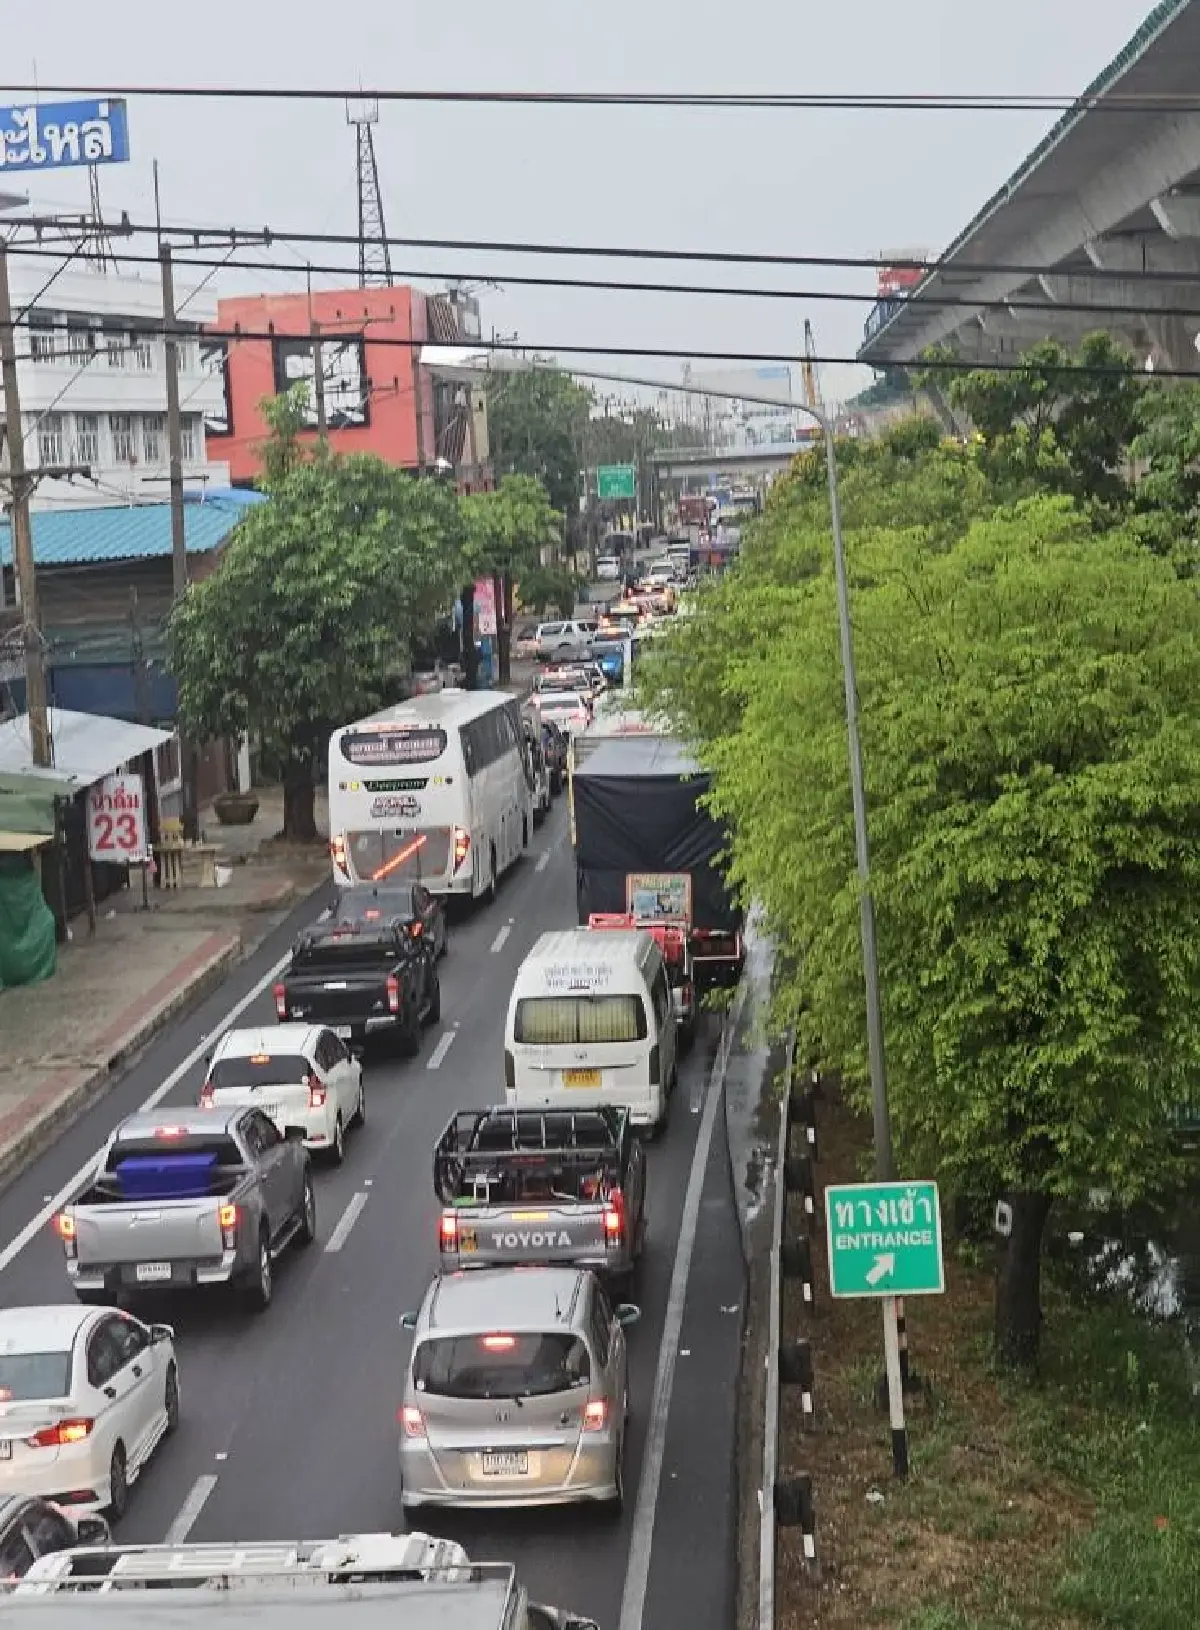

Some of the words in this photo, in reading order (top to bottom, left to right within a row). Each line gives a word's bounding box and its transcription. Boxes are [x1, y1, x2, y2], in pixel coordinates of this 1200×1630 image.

[0, 102, 112, 166] ะไหล่
[95, 813, 138, 851] 23
[835, 1187, 932, 1228] ทางเข้า
[491, 1231, 572, 1249] TOYOTA
[836, 1230, 932, 1250] ENTRANCE
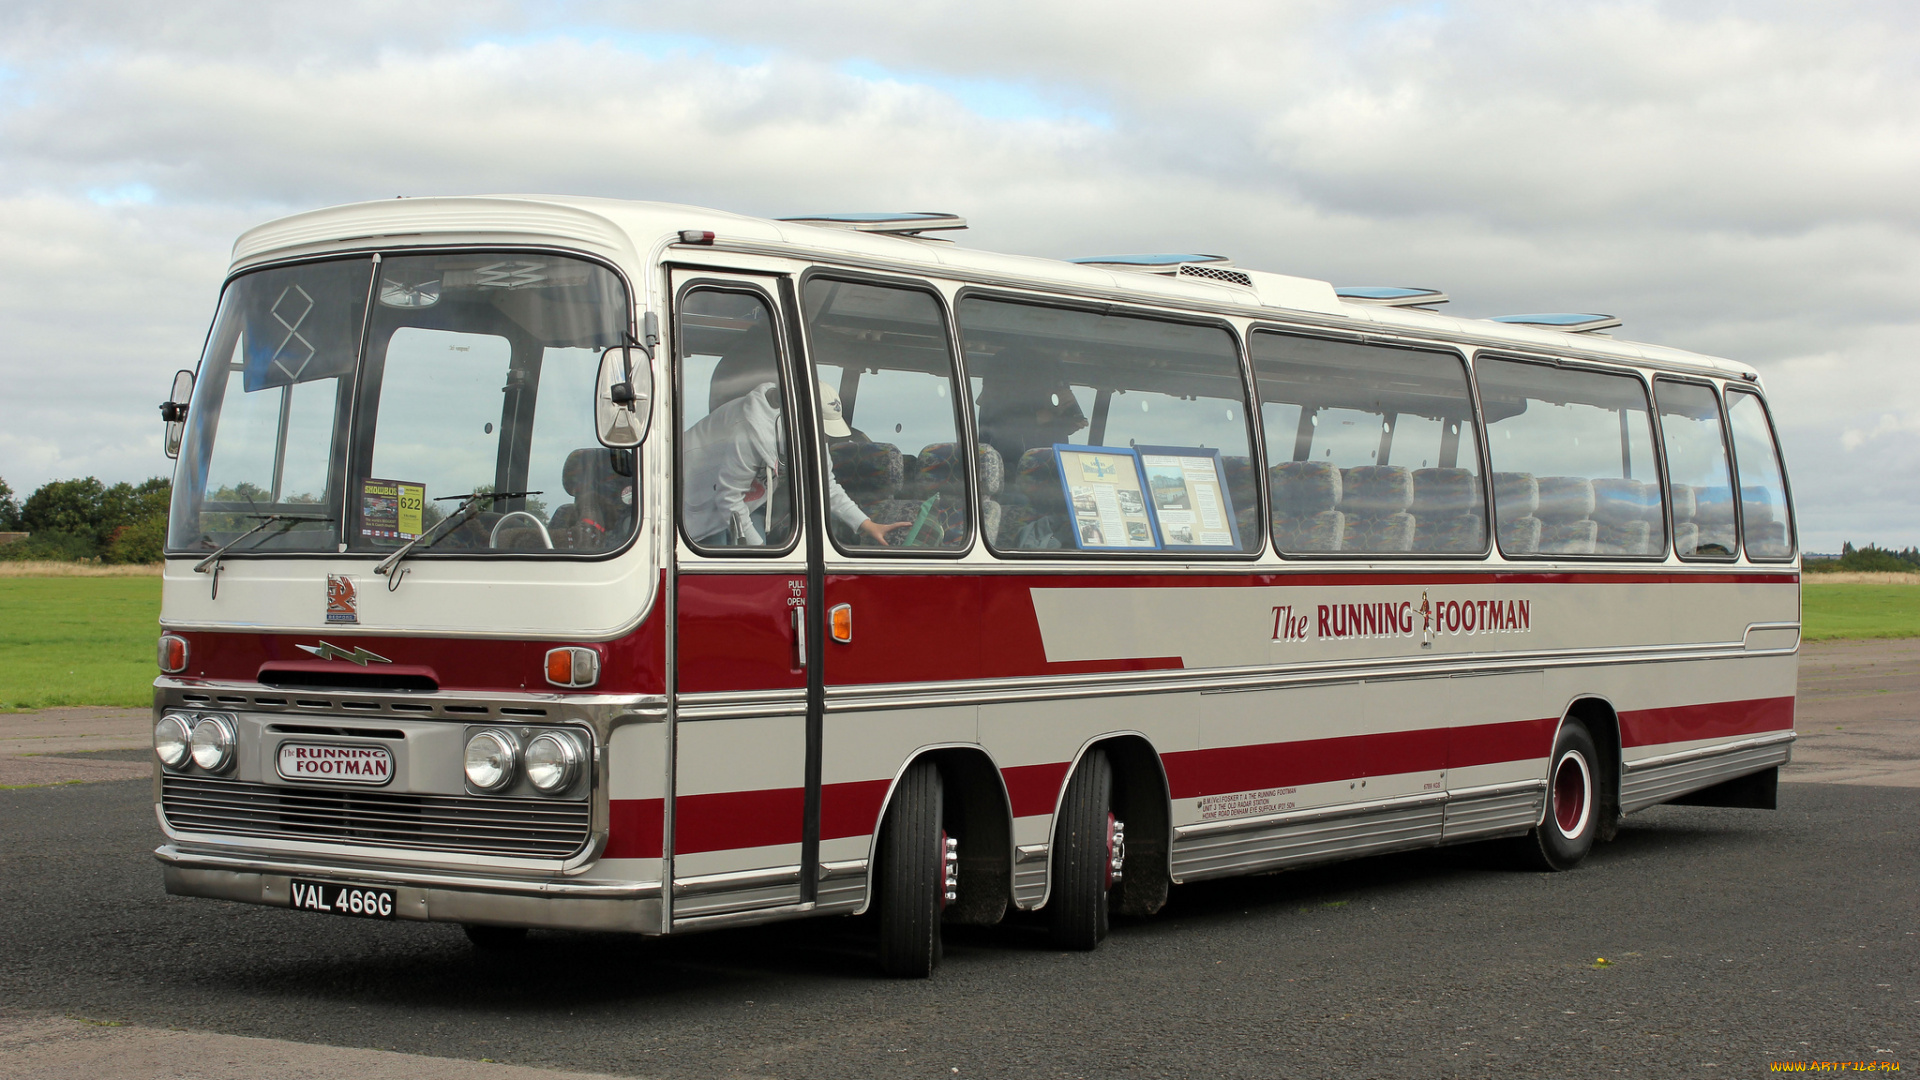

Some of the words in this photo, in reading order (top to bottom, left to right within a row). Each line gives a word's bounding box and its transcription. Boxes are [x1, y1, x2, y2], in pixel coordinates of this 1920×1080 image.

[365, 485, 397, 495] SHOWBUS
[400, 497, 421, 511] 622
[788, 580, 805, 588] PULL
[787, 597, 805, 605] OPEN
[1271, 605, 1309, 642] The
[1317, 601, 1414, 640] RUNNING
[1436, 600, 1531, 634] FOOTMAN
[284, 749, 295, 758] The
[296, 747, 386, 759] RUNNING
[296, 759, 387, 776] FOOTMAN
[1257, 790, 1276, 798] RUNNING
[1277, 787, 1296, 795] FOOTMAN
[1202, 804, 1212, 812] UNIT
[1238, 799, 1252, 807] RADAR
[1252, 798, 1269, 806] STATION
[1218, 809, 1231, 818] ROAD
[1231, 807, 1249, 816] DENHAM
[1258, 804, 1277, 813] SUFFOLK
[292, 883, 331, 911] VAL
[335, 888, 392, 916] 466G
◇ ◇ ◇ ◇
[WHAT YOU HAVE TO DO] What is needed is an exact copy of the data, without any pictures.

[YOUR SOLUTION]
Some of the words in this photo, in reading order (top to bottom, left to right within a row). Each line gives a word's bounding box and its transcription. Boxes are [x1, y1, x2, y2], in pixel coordinates of this 1200×1630 image.

[0, 102, 112, 166] ะไหล่
[95, 813, 138, 851] 23
[835, 1187, 932, 1228] ทางเข้า
[491, 1231, 572, 1249] TOYOTA
[836, 1230, 932, 1250] ENTRANCE

Some of the words in this photo, in reading order (top to bottom, left to right within a row). Each line gives a word's bounding box and its transcription. Boxes are [x1, y1, x2, y2], in pixel coordinates of this 1920×1080 image.

[365, 485, 397, 495] SHOWBUS
[400, 497, 421, 511] 622
[788, 580, 805, 588] PULL
[787, 597, 805, 605] OPEN
[1271, 605, 1309, 642] The
[1317, 601, 1414, 640] RUNNING
[1436, 600, 1531, 634] FOOTMAN
[284, 749, 295, 758] The
[296, 747, 386, 759] RUNNING
[296, 759, 387, 776] FOOTMAN
[1257, 790, 1276, 798] RUNNING
[1277, 787, 1296, 795] FOOTMAN
[1202, 804, 1212, 812] UNIT
[1238, 799, 1252, 807] RADAR
[1252, 798, 1269, 806] STATION
[1218, 809, 1231, 818] ROAD
[1231, 807, 1249, 816] DENHAM
[1258, 804, 1277, 813] SUFFOLK
[292, 883, 331, 911] VAL
[335, 888, 392, 916] 466G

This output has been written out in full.